Ok tebe. Ok. calma. Rileggi quello che gli hai scritto tu.
Luna luminosa, e bla bla, non vedo l'ora sia buio buio...

Possiamo avere di più

mmmhhhh. Ho pagato, sono uscita, mi sono messa in macchina a guardare il cell.
Ok. Calma. Parla di buio. Magari sesso  bendato? per me robetta ma lui..magari..
Rispondo

_Di più cosa? un buio buissimo?

__esatto, anche se non rinuncerei mai a guardarti quando hai l'orgasmo.__

Allora te ne accorgi, nonostante ti lamenti della mia silenziosità. Comunque...mi stai propronendo un oscurità coatta? a chi? A te?
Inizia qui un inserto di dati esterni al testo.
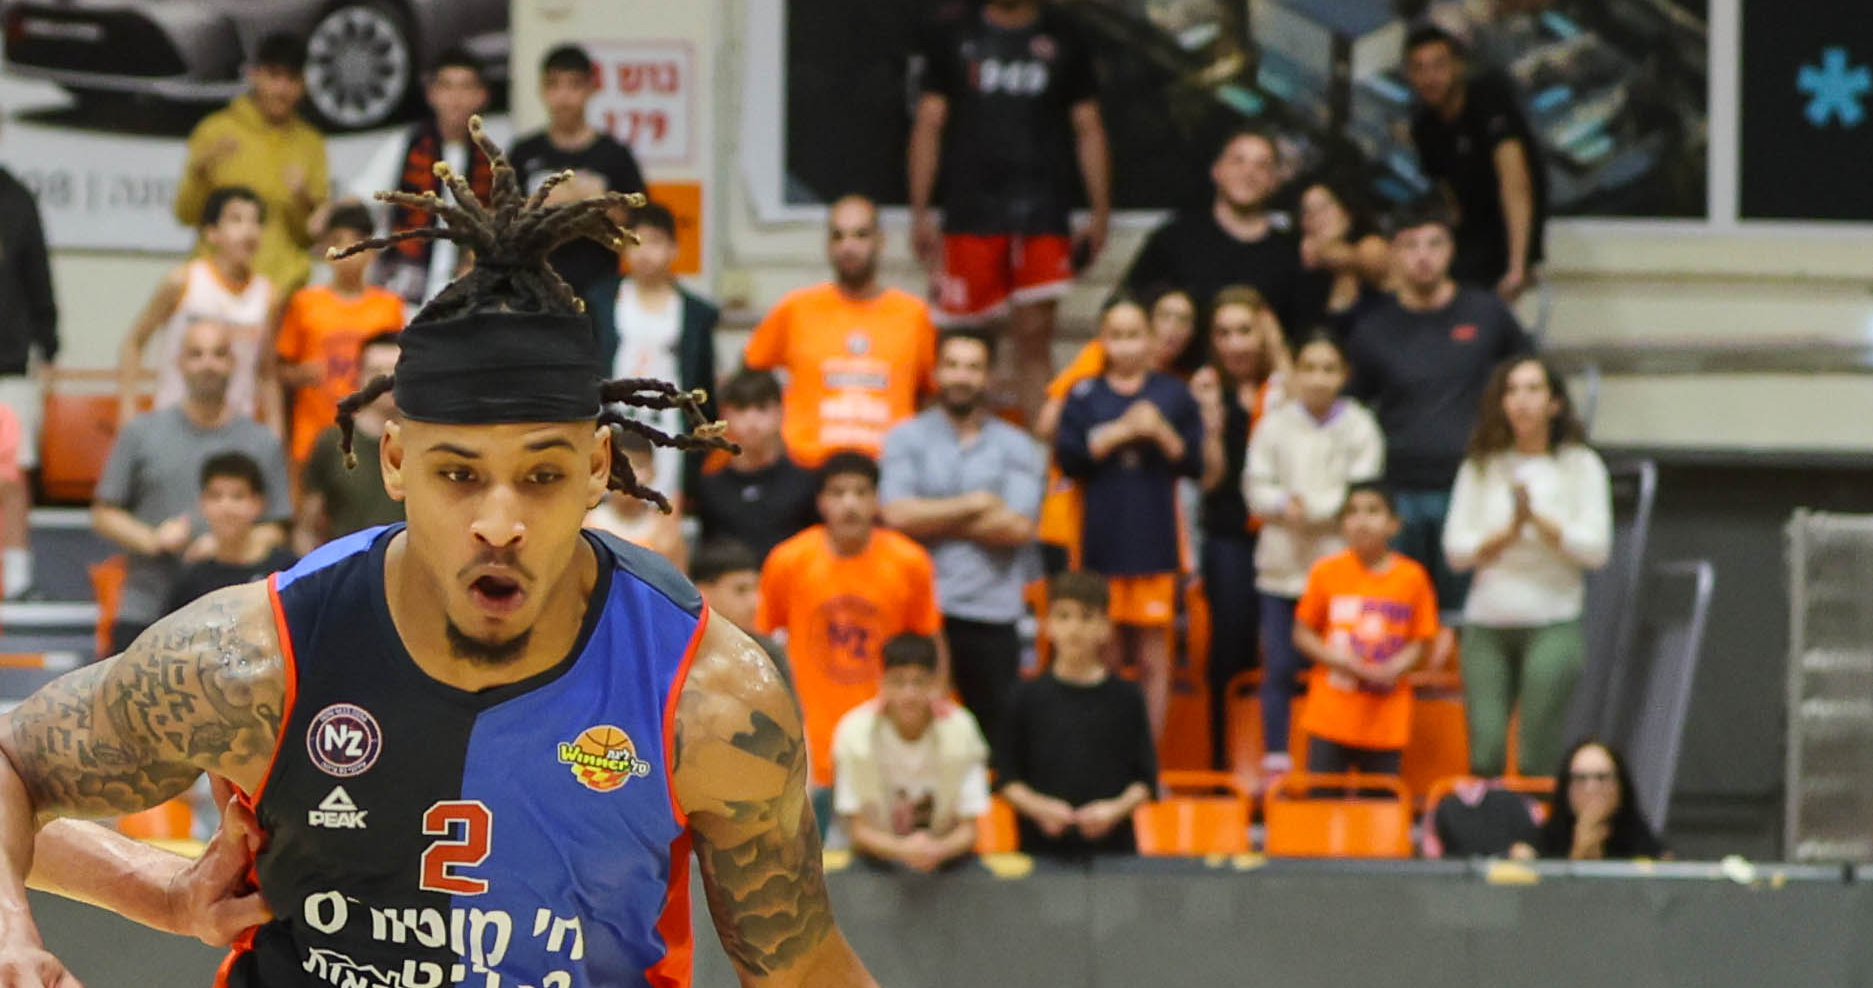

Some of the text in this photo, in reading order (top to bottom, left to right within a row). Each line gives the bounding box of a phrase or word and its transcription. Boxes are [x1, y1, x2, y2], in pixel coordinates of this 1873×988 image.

__Adoro il buio, ma non in quei momenti__

Allora non capisco

_
Ha smesso di rispondermi.

Sinceramente. A me sto scambio di sms...mah.
Non lo capisco.

vabbè. me ne fotto.
Mi vado a fare uno scrub


----------



## erab (30 Ottobre 2012)

quanti indizi ci volevano per fare una prova?


----------



## Tebe (30 Ottobre 2012)

erab;bt6308 ha detto:
			
		

> quanti indizi ci volevano per fare una prova?


ciao Guardiano:mrgreen:


----------



## erab (30 Ottobre 2012)

Tebe;bt6309 ha detto:
			
		

> ciao Guardiano:mrgreen:


mmmmm... non ho capito


----------



## Tebe (30 Ottobre 2012)

erab;bt6310 ha detto:
			
		

> mmmmm... non ho capito



sul forum ho aperto un 3d su disquisizioni culturali dal titolo
Capitolo zero.
Una storia fantasy dove per ora stiamo scrivendo io, Nausica e Tuba.
Ho "preso" in prestito il tuo nick per farne un personaggio, insieme ad altri.



:mrgreen:


----------